In this paticular dataset, decay_date and decay_year should both be null.  This dataset was specifically built by filtering for objects with null decay_date/decay_year. If the decay_date/decay_year is not null then it means that the object decayed/deorbited. We do not need to include any objects that have already decayed/deorbited, this dataset should only contain objects currently in orbit.

# data_status
Data status is essentially the tracking data for our catalog objects. Basically this data tells us which objects have healthy tracking and which objects are either lost, too small to track consistently, or lacks a publicly available flight path.

In orbital mechanics data, a null status code is actually a good thing. A null status code indicates that the object is being tracked normally.

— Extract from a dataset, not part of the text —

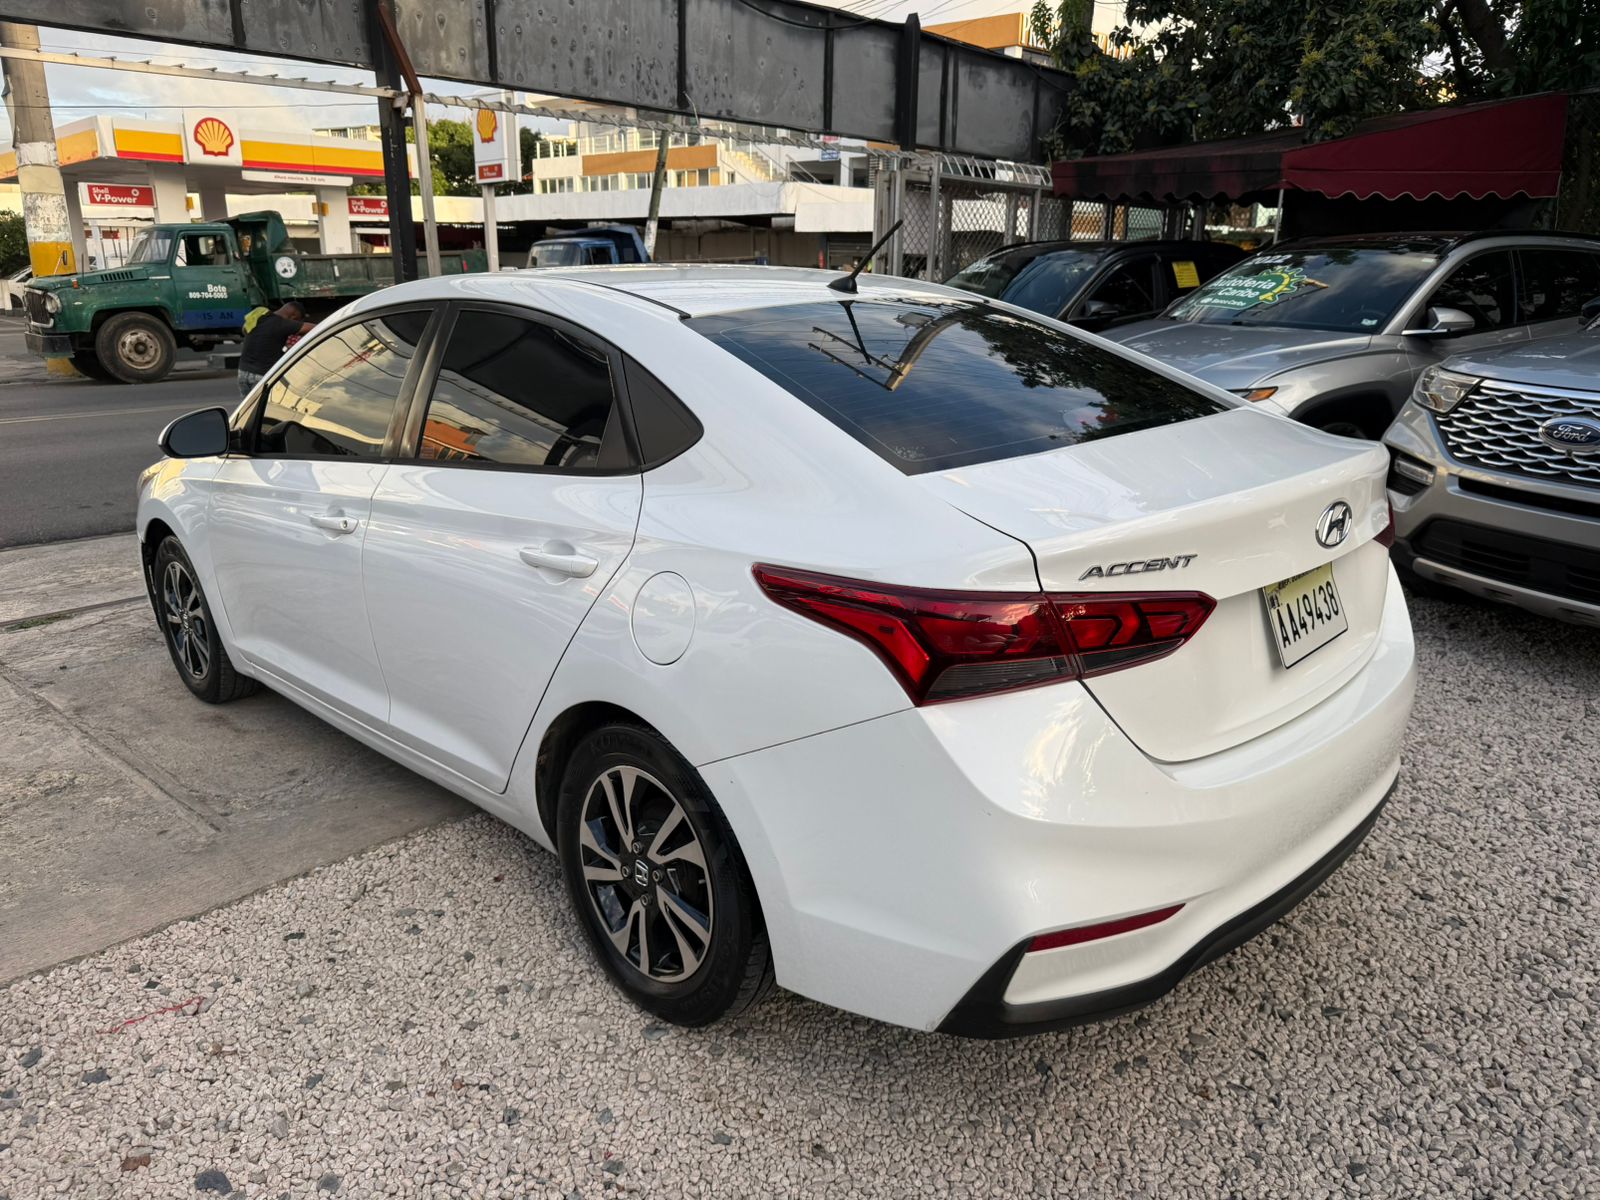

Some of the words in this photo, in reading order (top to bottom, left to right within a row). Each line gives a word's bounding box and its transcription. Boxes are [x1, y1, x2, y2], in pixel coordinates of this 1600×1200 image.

What few rows that do have a value are usually flagged as NCE (No Current Elements).

 * NaN - Standard/Healthy - Object is being tracked normally with a standard TLE (Two-Line Element).
 * NEA - No Elements Available - Object has been identified and entered into the catalog, but there is no publicly available orbital data (Two-Line Elements or TLEs) for it.
 * NCE - No Current Elements - Object is still in orbit, but it hasnt been successfully tracked recently enough to update its orbital path.
 * NIE - No Initial Elements - This object was detected, but a stable initial orbit was never established.  This often happens with very small fragments from a new breakup.
 * TBA - To Be Assigned - A placeholder for a newly detected object that hasn't been fully categorized yet.
 * ANA - Analytic - This is a "special" record used for objects that are either lost or have unique orbital properties that dont fit standard tracking models.

In [None]:
print(clutter_data.groupby('category')['data_status'].size())
clutter_data.groupby('category')['data_status'].count()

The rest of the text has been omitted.